Is the average of two endpoint's instantaneous rates of change always the same as the average rate of change of the interval on a parabola? Is the average of two endpoint's instantaneous rates of change always the same as the average rate of change of the interval on a parabola? If not, which additional circumstances would cause it to always be the same?
EDIT: How would you verify this algebraically? Answered
EDIT 2: They both result in the same answer, but do they get their answer from the same line that touches/intercepts the graph, or do they get their answer from different lines (secant, tangent, etc.) that touch/intercept the graph, and because the two lines are always parallel to each other, they result in the same answer?
 A: I'll give you a hint, but you need to know some calculus to understand the problem itself.
Recall that average value of a function $f$ on the interval $[a,b]$ is: $$\frac{f(b)-f(a)}{b-a}$$
And the average of the two endpoints instantaneous rate of change is given by:
$$\frac{f'(b) + f'(a)}{2}$$
Where $f'(x)$ is the derivative at some point $x$.
Now think about a polynomial of the form $f(x) = x^2$. How would you go about showing the two expressions above are the same? And then you could do the same kind of algebraic manipulation for any parabola of the form $f(x) = a(x-h)^2 + k$ with $a,h,k$ some constants. It's just more algebra.

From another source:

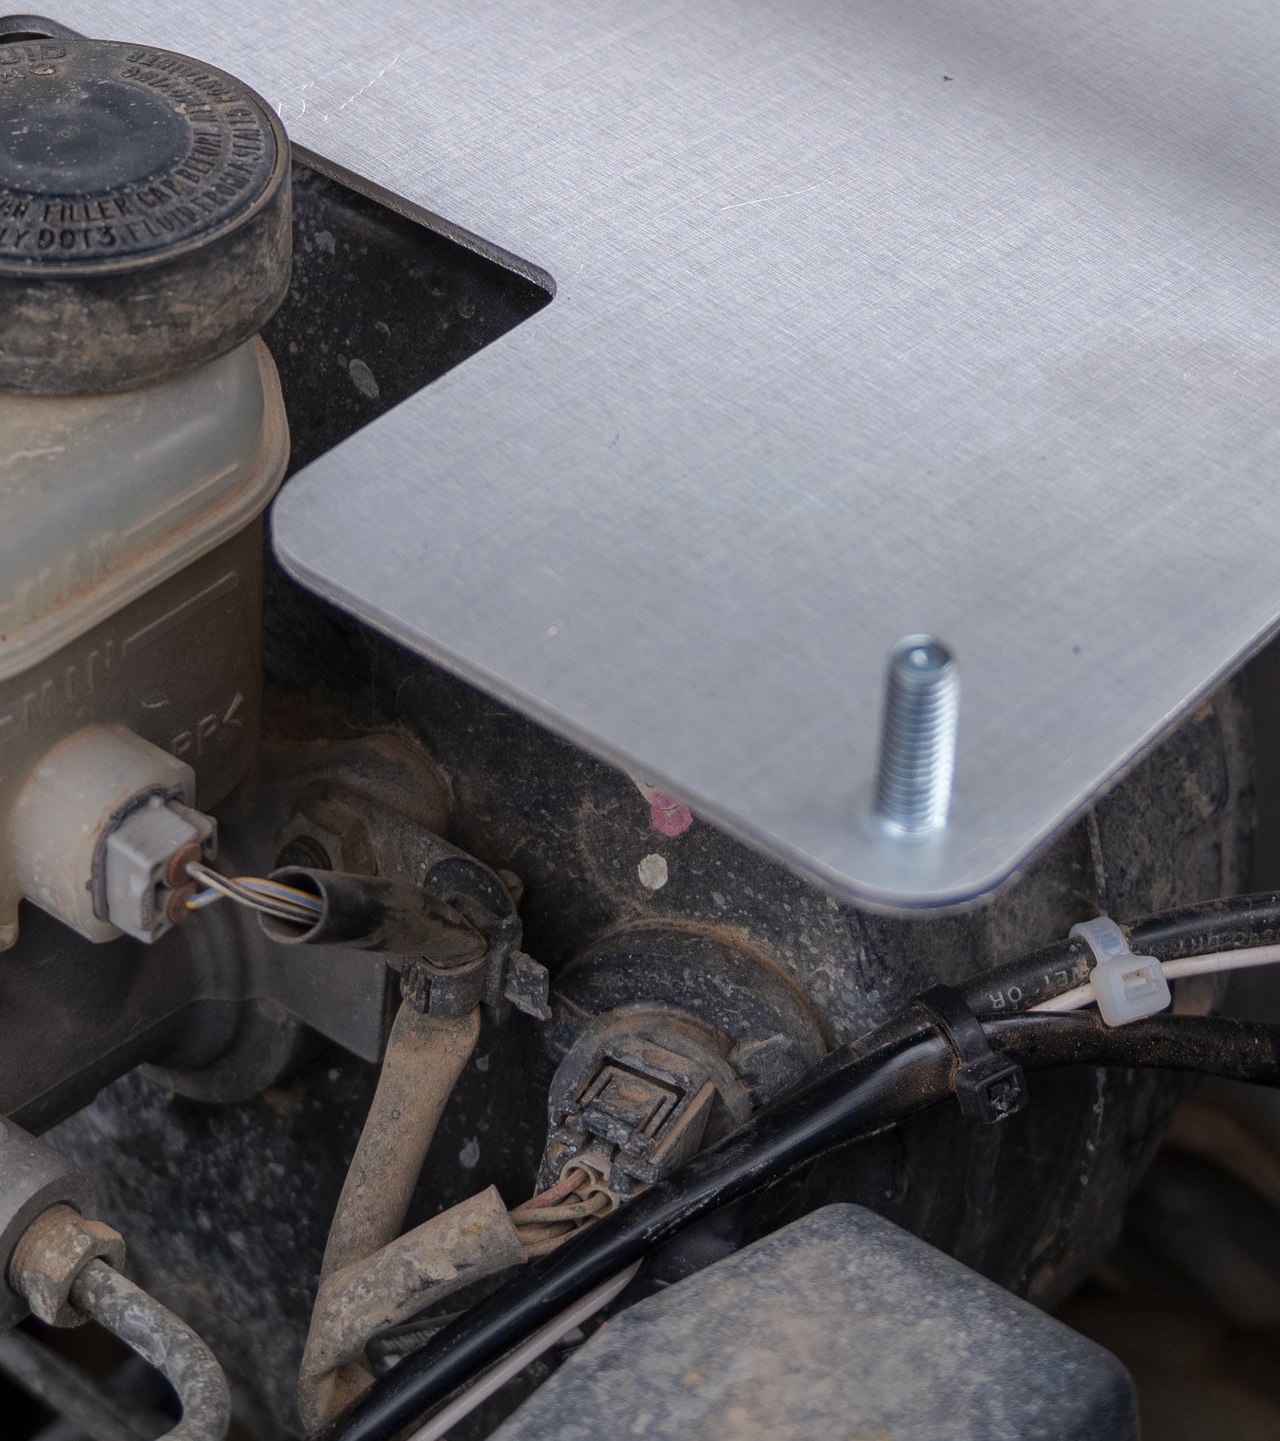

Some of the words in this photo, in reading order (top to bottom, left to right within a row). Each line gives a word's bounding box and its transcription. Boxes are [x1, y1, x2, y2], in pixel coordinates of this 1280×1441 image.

A: A parabola is the graph of a quadratic polynomial $f(x)=ax^2+bx+c.$ The average rate of change of $f$ on the interval $[r,s]$ is $\frac{f(s)-f(r)}{s-r}.$ You can check that this computes to $\frac{a(s^2-r^2)+b(s-r)}{s-r} = a(s+r)+b.$ The instantaneous rate of change of a function is its derivative $f'$. In this case $f'(x)=2ax+b,$ so the instantaneous rates at the endpoints are $f'(s)=2as+b$ and $f'(r)=2ar+b.$ The average of these two values is easily seen to be $a(s+r)+b,$ which is what you wanted.